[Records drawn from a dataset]
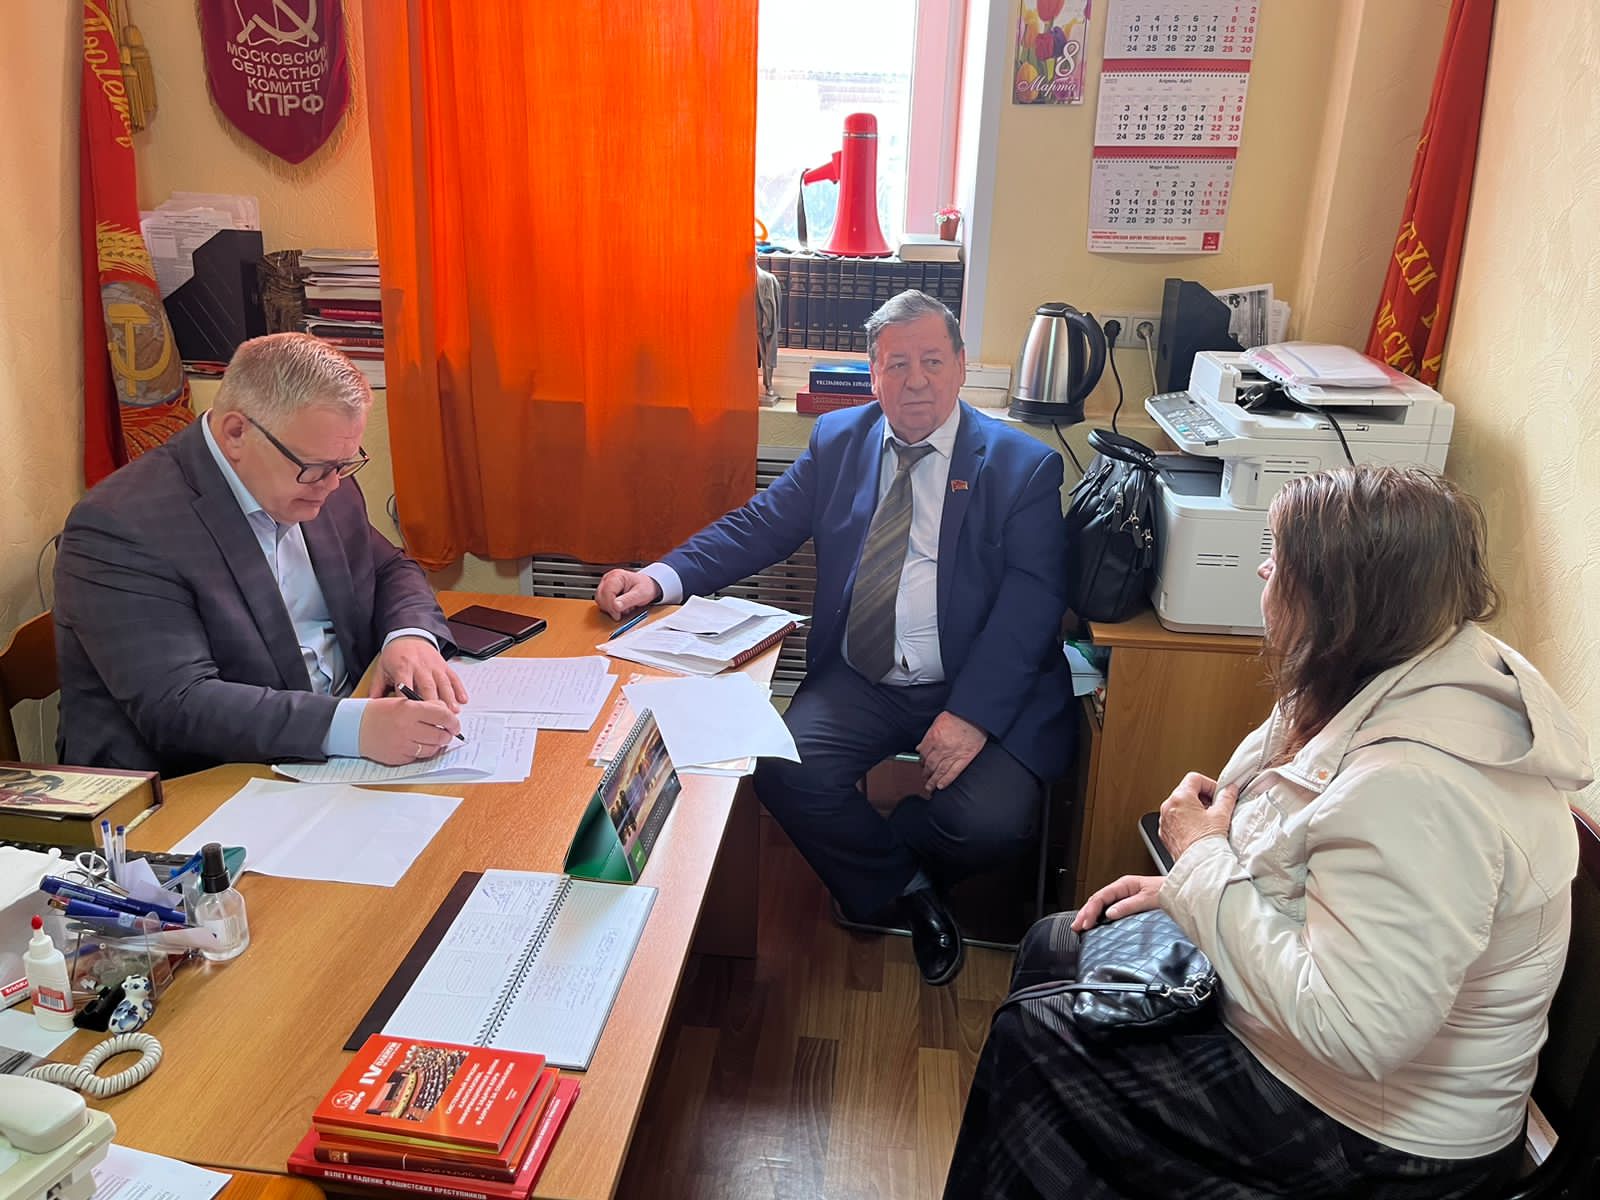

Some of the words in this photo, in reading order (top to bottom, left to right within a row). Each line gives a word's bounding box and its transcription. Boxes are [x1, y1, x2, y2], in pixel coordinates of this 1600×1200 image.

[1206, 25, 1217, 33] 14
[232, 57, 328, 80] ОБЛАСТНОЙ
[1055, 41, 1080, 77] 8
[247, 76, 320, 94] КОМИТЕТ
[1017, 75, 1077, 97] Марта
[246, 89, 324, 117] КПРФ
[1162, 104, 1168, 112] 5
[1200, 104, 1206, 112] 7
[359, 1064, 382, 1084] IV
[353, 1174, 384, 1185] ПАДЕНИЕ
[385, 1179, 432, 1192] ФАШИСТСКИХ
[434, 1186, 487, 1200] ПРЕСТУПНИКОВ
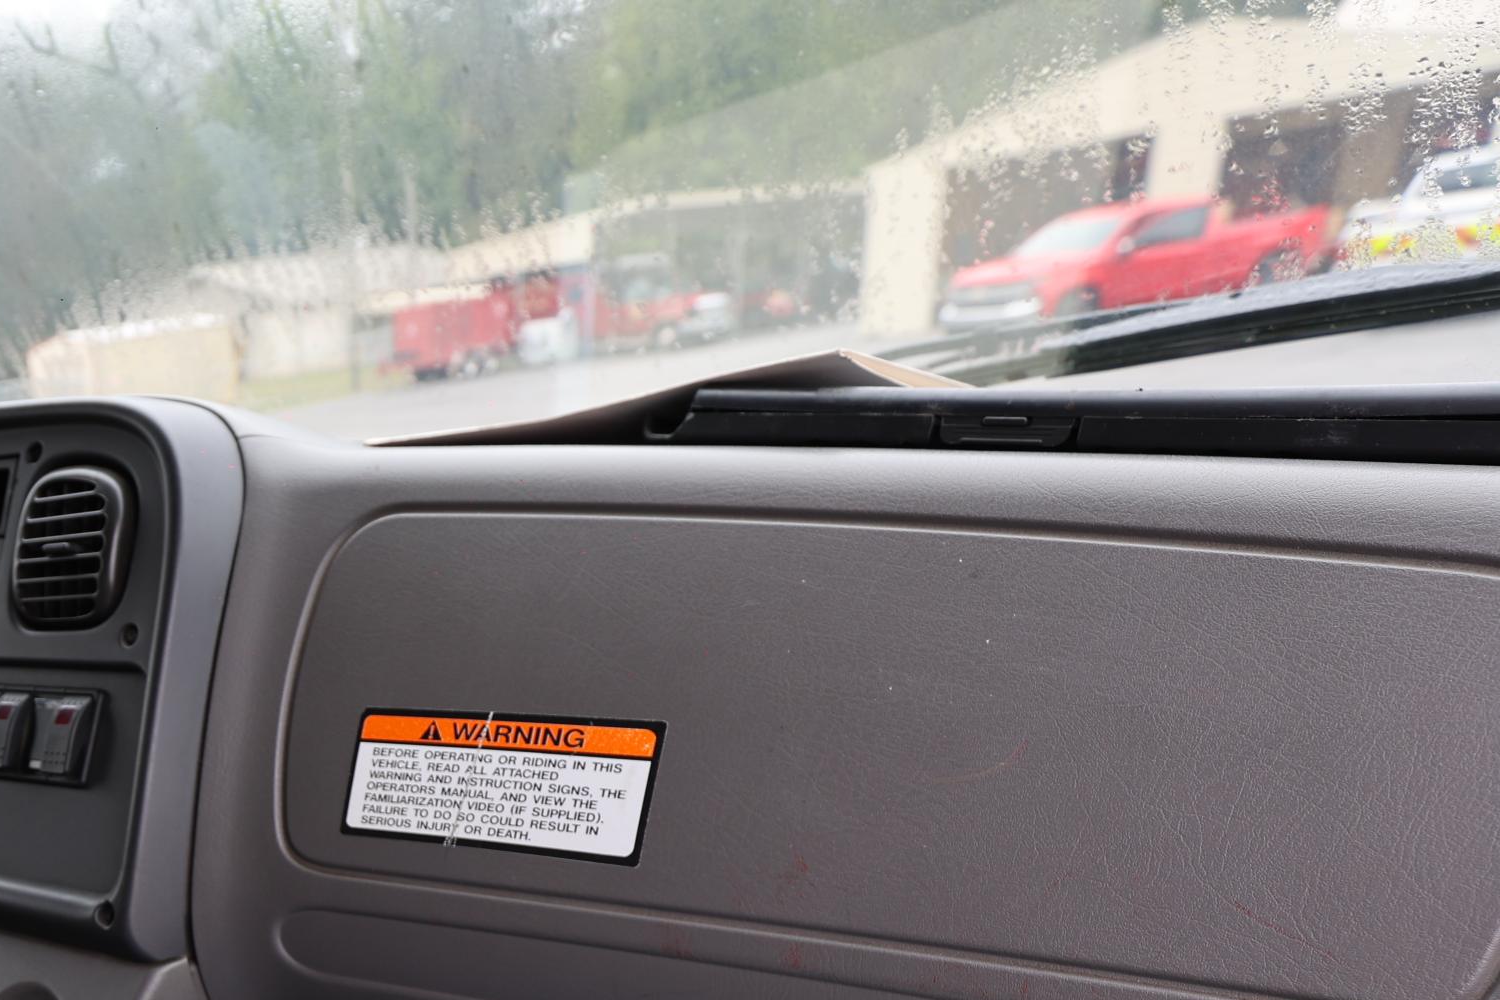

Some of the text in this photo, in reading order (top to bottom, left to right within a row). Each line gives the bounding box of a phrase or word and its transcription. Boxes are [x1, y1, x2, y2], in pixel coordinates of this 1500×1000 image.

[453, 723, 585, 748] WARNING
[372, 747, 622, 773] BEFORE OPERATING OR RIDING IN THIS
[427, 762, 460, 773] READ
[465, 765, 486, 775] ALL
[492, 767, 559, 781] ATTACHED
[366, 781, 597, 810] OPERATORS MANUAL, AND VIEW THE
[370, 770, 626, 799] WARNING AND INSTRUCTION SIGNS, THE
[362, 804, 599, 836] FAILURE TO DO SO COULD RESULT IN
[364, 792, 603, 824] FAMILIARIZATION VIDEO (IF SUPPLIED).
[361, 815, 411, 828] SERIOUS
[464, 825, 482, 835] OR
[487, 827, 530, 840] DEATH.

:: Exercise goal ::
What is needed is an exact copy of the data, without any pictures.

:: Answer to the exercise ::
Some of the words in this photo, in reading order (top to bottom, left to right within a row). Each line gives a word's bounding box and its transcription. Boxes are [x1, y1, x2, y2], in pixel coordinates of this 1600×1200 image.

[1206, 25, 1217, 33] 14
[232, 57, 328, 80] ОБЛАСТНОЙ
[1055, 41, 1080, 77] 8
[247, 76, 320, 94] КОМИТЕТ
[1017, 75, 1077, 97] Марта
[246, 89, 324, 117] КПРФ
[1162, 104, 1168, 112] 5
[1200, 104, 1206, 112] 7
[359, 1064, 382, 1084] IV
[353, 1174, 384, 1185] ПАДЕНИЕ
[385, 1179, 432, 1192] ФАШИСТСКИХ
[434, 1186, 487, 1200] ПРЕСТУПНИКОВ

Some of the text in this photo, in reading order (top to bottom, left to right within a row). Each line gives the bounding box of a phrase or word and its transcription. Boxes are [x1, y1, x2, y2], in pixel coordinates of this 1500×1000 image.

[453, 723, 585, 748] WARNING
[372, 747, 622, 773] BEFORE OPERATING OR RIDING IN THIS
[427, 762, 460, 773] READ
[465, 765, 486, 775] ALL
[492, 767, 559, 781] ATTACHED
[366, 781, 597, 810] OPERATORS MANUAL, AND VIEW THE
[370, 770, 626, 799] WARNING AND INSTRUCTION SIGNS, THE
[362, 804, 599, 836] FAILURE TO DO SO COULD RESULT IN
[364, 792, 603, 824] FAMILIARIZATION VIDEO (IF SUPPLIED).
[361, 815, 411, 828] SERIOUS
[464, 825, 482, 835] OR
[487, 827, 530, 840] DEATH.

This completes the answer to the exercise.